4. Pursuant to the Merger Agreement, effective as of the Effective Time of the Merger, together with the applicable terms of the Issuer Stock Plan, each outstanding stock option was cancelled and converted into the right to receive an amount of cash, without interest, equal to the product obtained by multiplying (1) the aggregate number of shares of Issuer common stock subject to such stock option by (2) the excess, if any, of the Merger Consideration over the per share exercise price of the Issuer's common stock underlying such stock option, less any taxes that are required to be withheld under the Merger Agreement.
Remarks:
The foregoing descriptions in notes (1),(2),(3) and (4) are qualified in their entirety by reference to the terms of the Merger Agreement and the Company Stock Plans. In the event of any conflict between the descriptions above and the terms set forth in the Merger Agreement or the Company Stock Plans, as applicable, the terms set forth in the Merger Agreement or the Company Stock Plans, as applicable, shall control.

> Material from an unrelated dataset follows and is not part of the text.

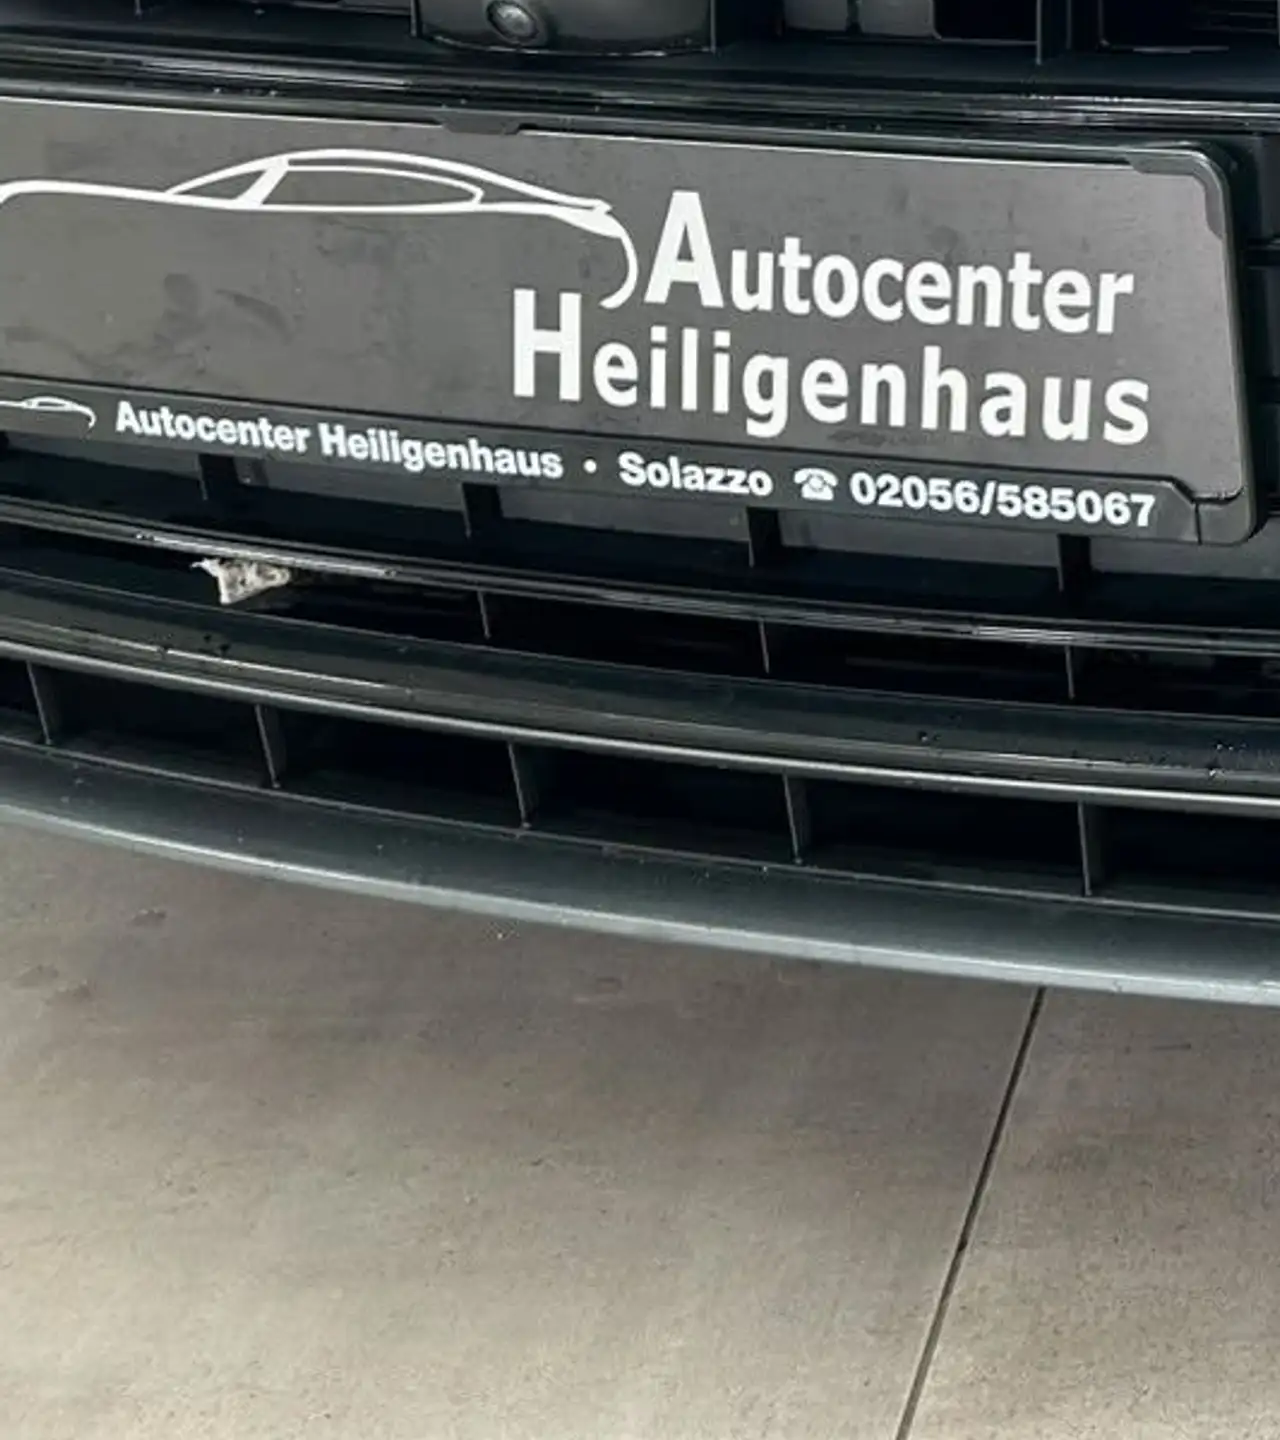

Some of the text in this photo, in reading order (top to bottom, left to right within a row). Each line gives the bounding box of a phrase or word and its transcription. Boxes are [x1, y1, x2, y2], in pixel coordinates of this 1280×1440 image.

[643, 190, 1135, 335] Autocenter
[511, 288, 1150, 446] Heiligenhaus
[115, 400, 1156, 528] Autocenter Heiligenhaus Solazzo 02056/585067

/s/ Michael Parham, attorney-in-fact 12/23/2022
** Signature of Reporting Person Date
Reminder: Report on a separate line for each class of securities beneficially owned directly or indirectly.
* If the form is filed by more than one reporting person, see Instruction 4 (b)(v).
** Intentional misstatements or omissions of facts constitute Federal Criminal Violations See 18 U.S.C. 1001 and 15 U.S.C. 78ff(a).